Dumbo octopuses are named for the elephant-ear-like fins they use to navigate the deep sea, but until recently, when and how they developed those floppy appendages were a mystery. Now, for the first time, researchers have caught a newborn Dumbo octopus on tape. As reported in the journal Current Biology, they discovered that the creatures are equipped with the fins from the moment they hatch.

Study co-author Tim Shank, a researcher at the Woods Hole Oceanographic Institution in Massachusetts, spotted the octopus in 2005. During a research expedition in the North Atlantic, one of the remotely operated vehicles he was working with collected several coral branches with something strange attached to them. It looked like a bunch of sandy-colored golf balls at first, but then he realized it was an egg sac.

He and his fellow researchers eventually classified the hatchling that emerged as a member of the genus Grimpoteuthis. In other words, it was a Dumbo octopus, though they couldn't determine the exact species. But you wouldn't need a biology degree to spot its resemblance to Disney's famous elephant, as you can see in the video below.
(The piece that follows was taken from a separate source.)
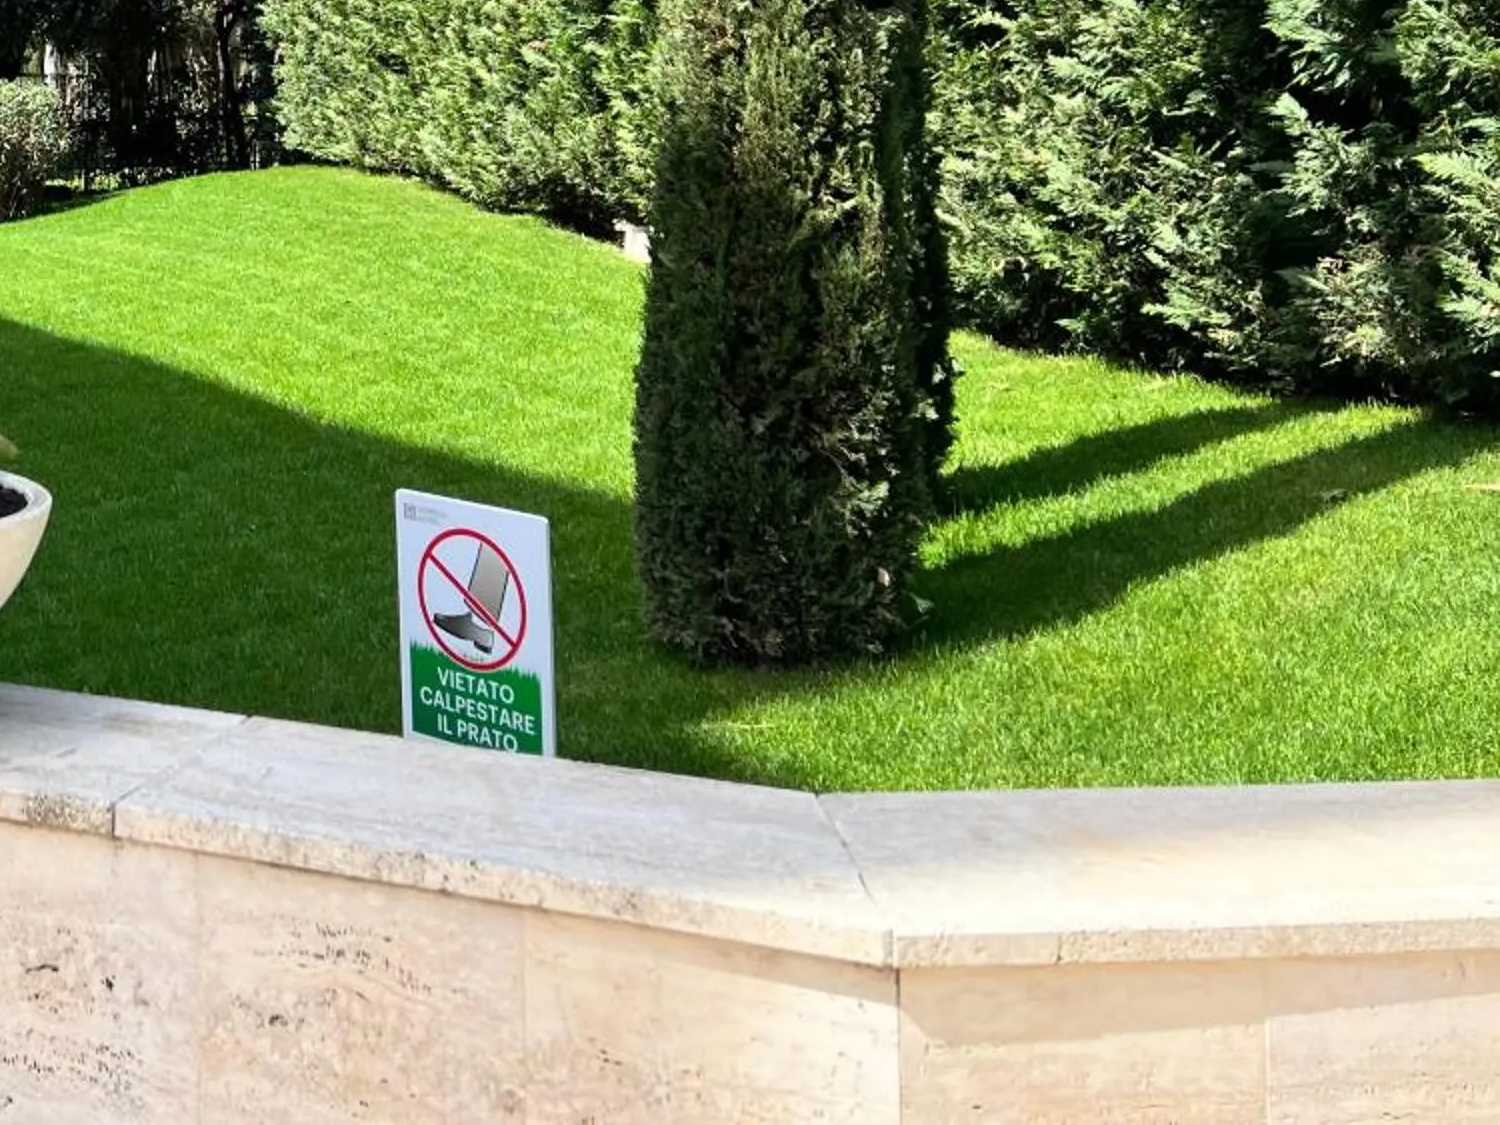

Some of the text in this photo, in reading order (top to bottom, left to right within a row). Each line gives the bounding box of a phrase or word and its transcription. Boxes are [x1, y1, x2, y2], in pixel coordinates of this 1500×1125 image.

[437, 666, 515, 704] VIETATO
[420, 686, 536, 736] CALPESTARE
[437, 713, 519, 753] IL PRATO
The octopus hatched with a set of functional fins that allowed it to swim around and hunt right away, and an MRI scan revealed fully-developed internal organs and a complex nervous system. As the researchers wrote in their study, Dumbo octopuses enter the world as "competent juveniles" ready to jump straight into adult life.

Grimpoteuthis spends its life in the deep ocean, which makes it difficult to study. Scientists hope the newly-reported findings will make it easier to identify Grimpoteuthis eggs and hatchlings for future research.